- _What you will do_
Repeat every line of the data exactly, but not the pictures.
##### Record set #####
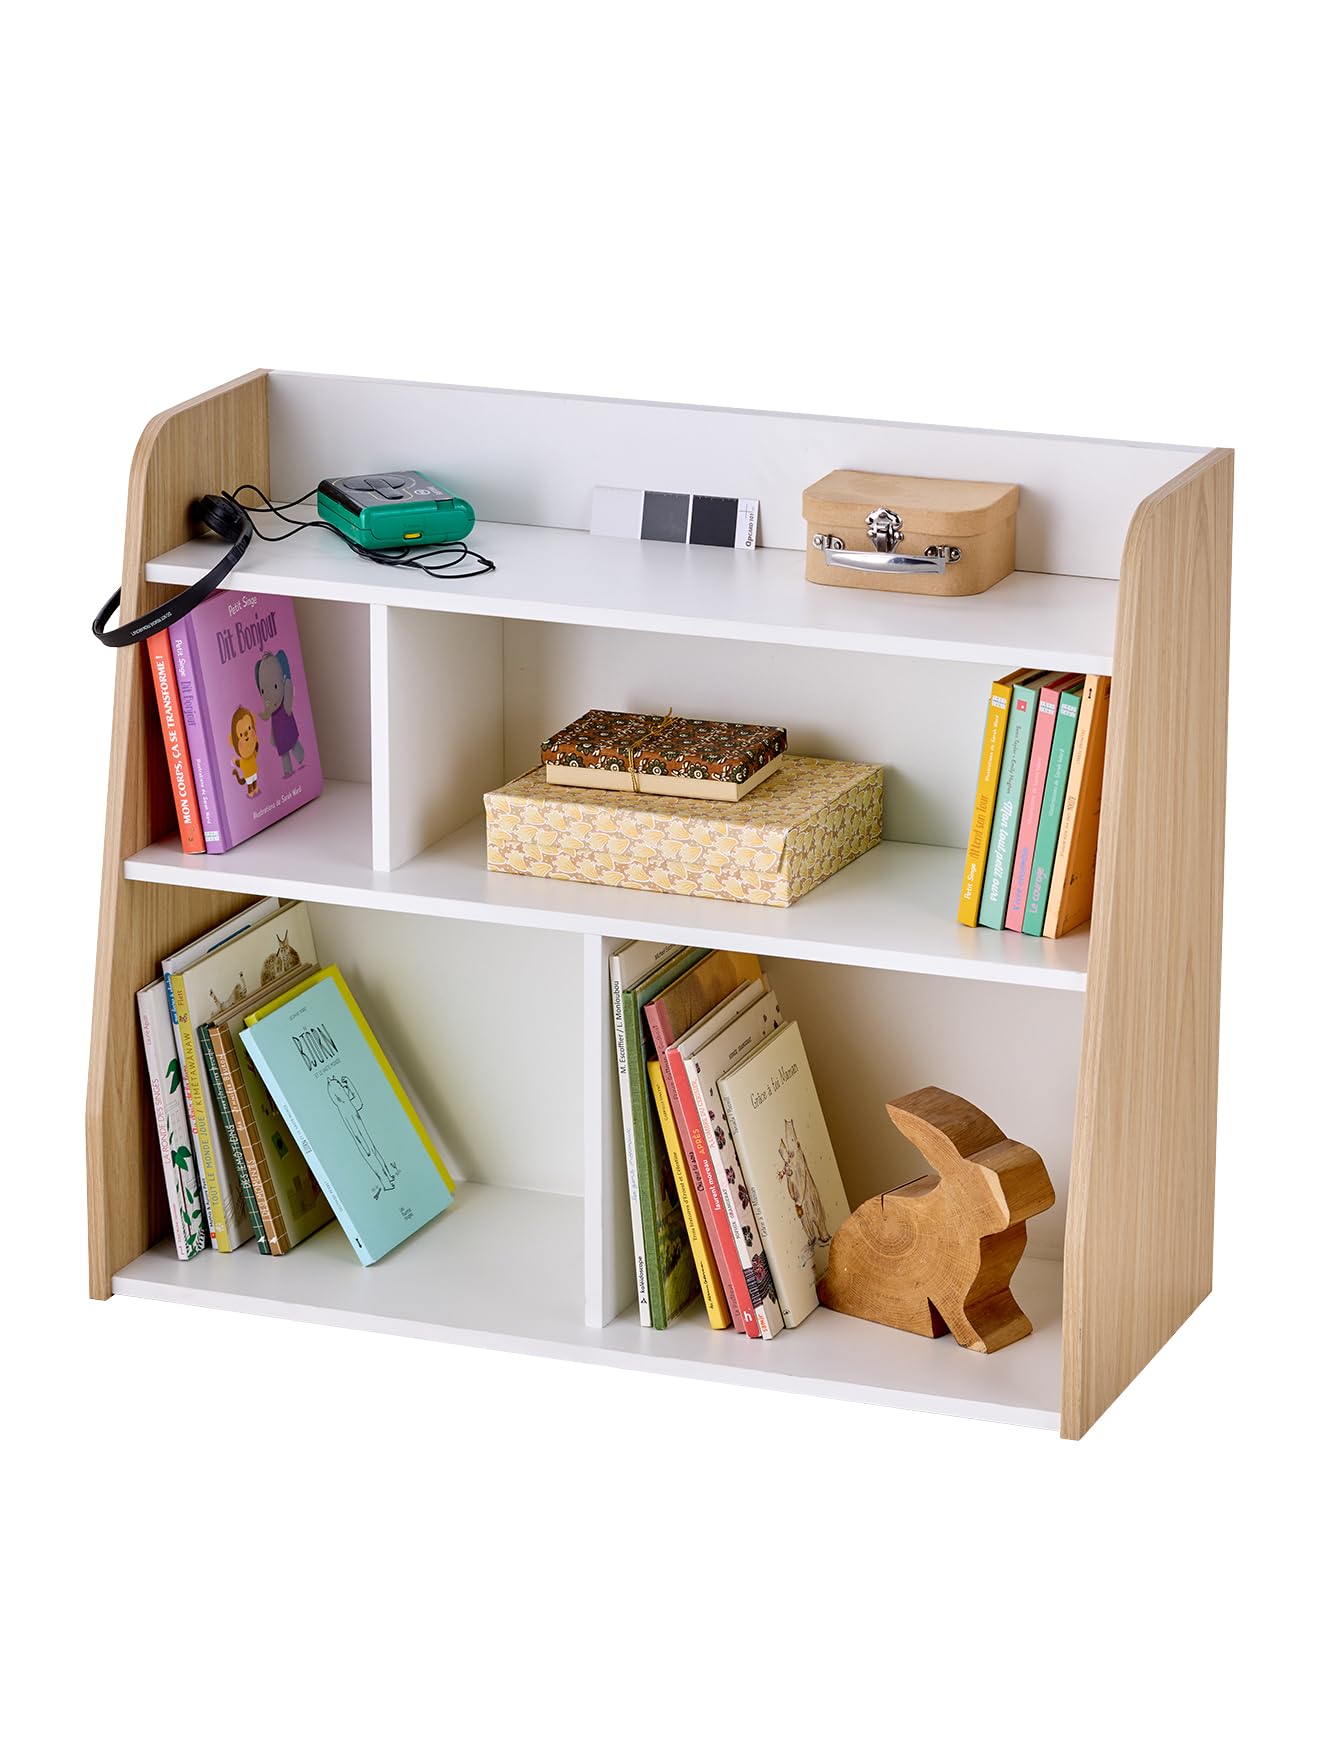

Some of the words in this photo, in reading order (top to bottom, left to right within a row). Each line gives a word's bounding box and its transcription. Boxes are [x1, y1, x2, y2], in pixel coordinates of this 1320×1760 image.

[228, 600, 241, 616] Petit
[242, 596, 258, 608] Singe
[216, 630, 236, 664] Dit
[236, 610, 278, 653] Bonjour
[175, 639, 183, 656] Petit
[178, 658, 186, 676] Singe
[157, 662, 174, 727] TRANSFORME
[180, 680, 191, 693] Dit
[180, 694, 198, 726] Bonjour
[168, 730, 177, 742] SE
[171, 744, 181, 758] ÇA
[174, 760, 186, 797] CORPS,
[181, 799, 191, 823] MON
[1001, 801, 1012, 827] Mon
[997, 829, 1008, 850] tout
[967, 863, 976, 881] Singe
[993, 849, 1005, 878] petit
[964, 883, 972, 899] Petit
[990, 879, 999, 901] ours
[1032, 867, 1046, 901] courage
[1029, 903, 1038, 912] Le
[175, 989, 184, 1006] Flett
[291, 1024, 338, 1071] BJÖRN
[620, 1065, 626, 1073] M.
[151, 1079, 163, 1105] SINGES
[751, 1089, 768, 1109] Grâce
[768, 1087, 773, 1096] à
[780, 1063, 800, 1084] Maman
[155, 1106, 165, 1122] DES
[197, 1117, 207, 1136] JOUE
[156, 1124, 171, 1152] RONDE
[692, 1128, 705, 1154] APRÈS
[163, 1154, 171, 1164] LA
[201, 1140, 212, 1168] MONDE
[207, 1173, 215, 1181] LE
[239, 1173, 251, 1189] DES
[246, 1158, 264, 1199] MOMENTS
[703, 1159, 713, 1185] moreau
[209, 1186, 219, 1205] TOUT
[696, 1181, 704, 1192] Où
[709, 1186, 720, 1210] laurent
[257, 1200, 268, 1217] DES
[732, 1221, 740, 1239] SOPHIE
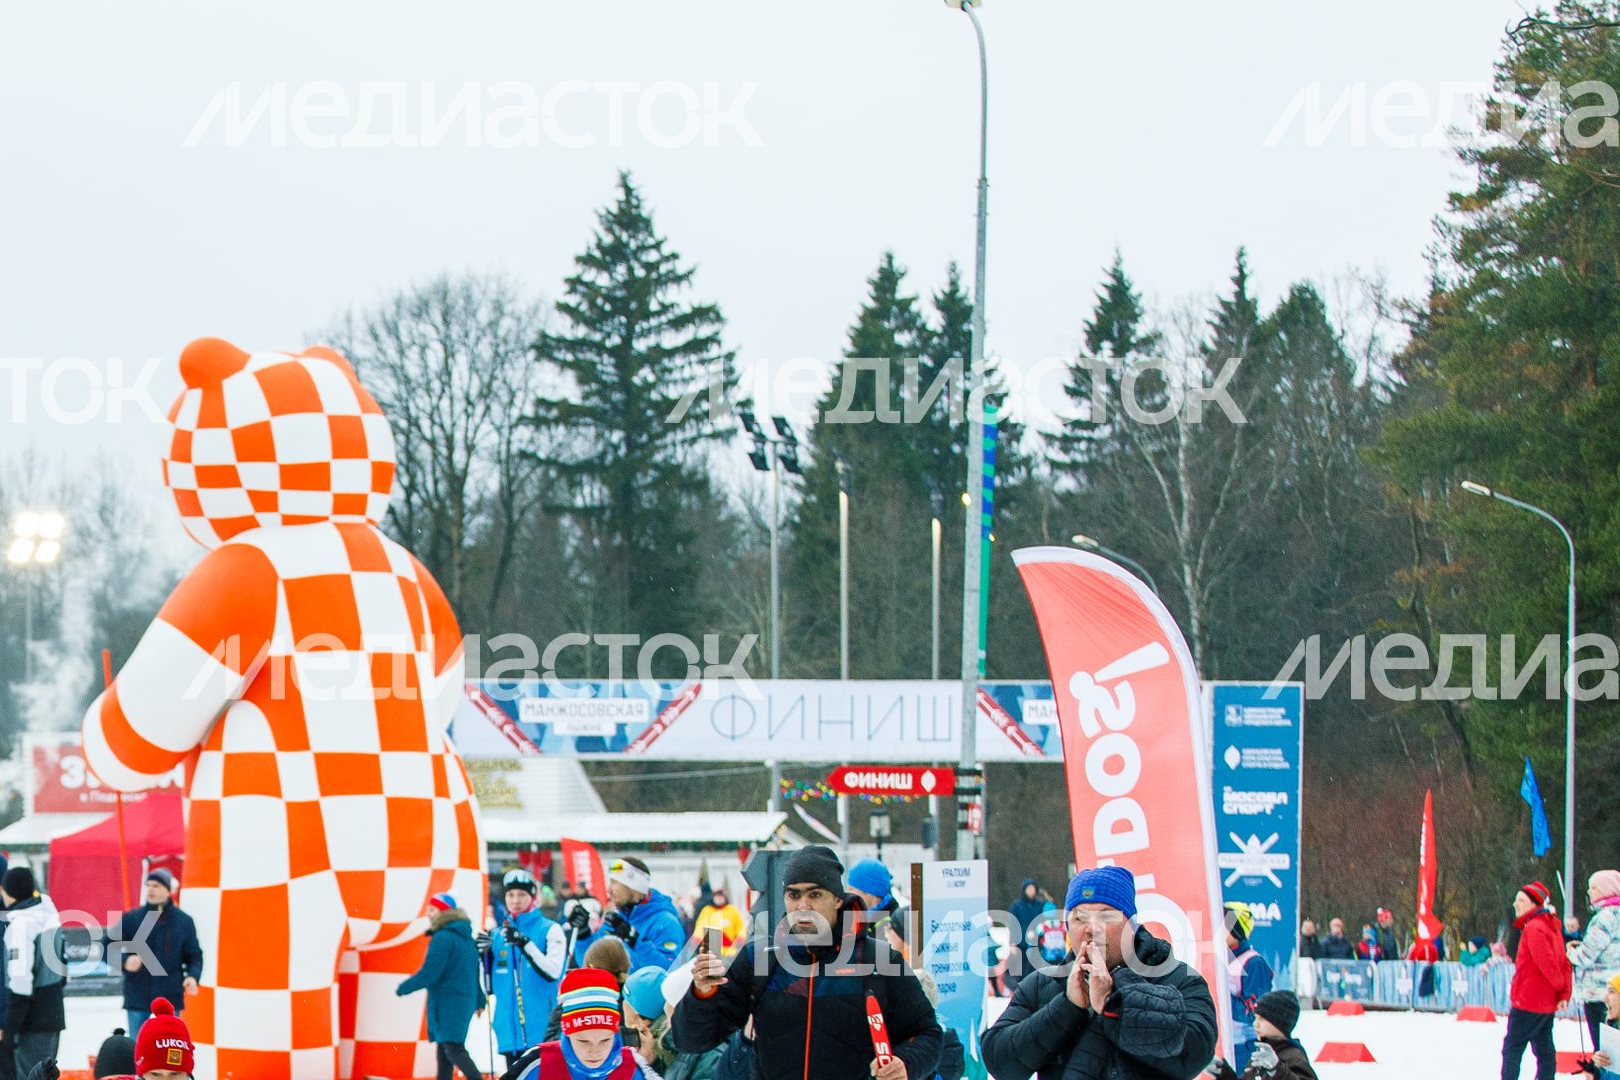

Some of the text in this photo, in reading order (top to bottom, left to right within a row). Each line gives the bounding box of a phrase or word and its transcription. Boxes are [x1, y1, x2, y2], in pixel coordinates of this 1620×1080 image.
#####
- _Exercise answer_
Some of the words in this photo, in reading order (top to bottom, left to right within a row). Each line gives a word's bounding box and its transcription. Boxes are [x1, y1, x2, y2], in pixel coordinates of this 1320×1760 image.

[228, 600, 241, 616] Petit
[242, 596, 258, 608] Singe
[216, 630, 236, 664] Dit
[236, 610, 278, 653] Bonjour
[175, 639, 183, 656] Petit
[178, 658, 186, 676] Singe
[157, 662, 174, 727] TRANSFORME
[180, 680, 191, 693] Dit
[180, 694, 198, 726] Bonjour
[168, 730, 177, 742] SE
[171, 744, 181, 758] ÇA
[174, 760, 186, 797] CORPS,
[181, 799, 191, 823] MON
[1001, 801, 1012, 827] Mon
[997, 829, 1008, 850] tout
[967, 863, 976, 881] Singe
[993, 849, 1005, 878] petit
[964, 883, 972, 899] Petit
[990, 879, 999, 901] ours
[1032, 867, 1046, 901] courage
[1029, 903, 1038, 912] Le
[175, 989, 184, 1006] Flett
[291, 1024, 338, 1071] BJÖRN
[620, 1065, 626, 1073] M.
[151, 1079, 163, 1105] SINGES
[751, 1089, 768, 1109] Grâce
[768, 1087, 773, 1096] à
[780, 1063, 800, 1084] Maman
[155, 1106, 165, 1122] DES
[197, 1117, 207, 1136] JOUE
[156, 1124, 171, 1152] RONDE
[692, 1128, 705, 1154] APRÈS
[163, 1154, 171, 1164] LA
[201, 1140, 212, 1168] MONDE
[207, 1173, 215, 1181] LE
[239, 1173, 251, 1189] DES
[246, 1158, 264, 1199] MOMENTS
[703, 1159, 713, 1185] moreau
[209, 1186, 219, 1205] TOUT
[696, 1181, 704, 1192] Où
[709, 1186, 720, 1210] laurent
[257, 1200, 268, 1217] DES
[732, 1221, 740, 1239] SOPHIE

Some of the text in this photo, in reading order (top to bottom, left to right within a row). Each line gives the bounding box of a phrase or word and its transcription. Boxes are [x1, y1, x2, y2], in pixel coordinates of this 1620×1080 image.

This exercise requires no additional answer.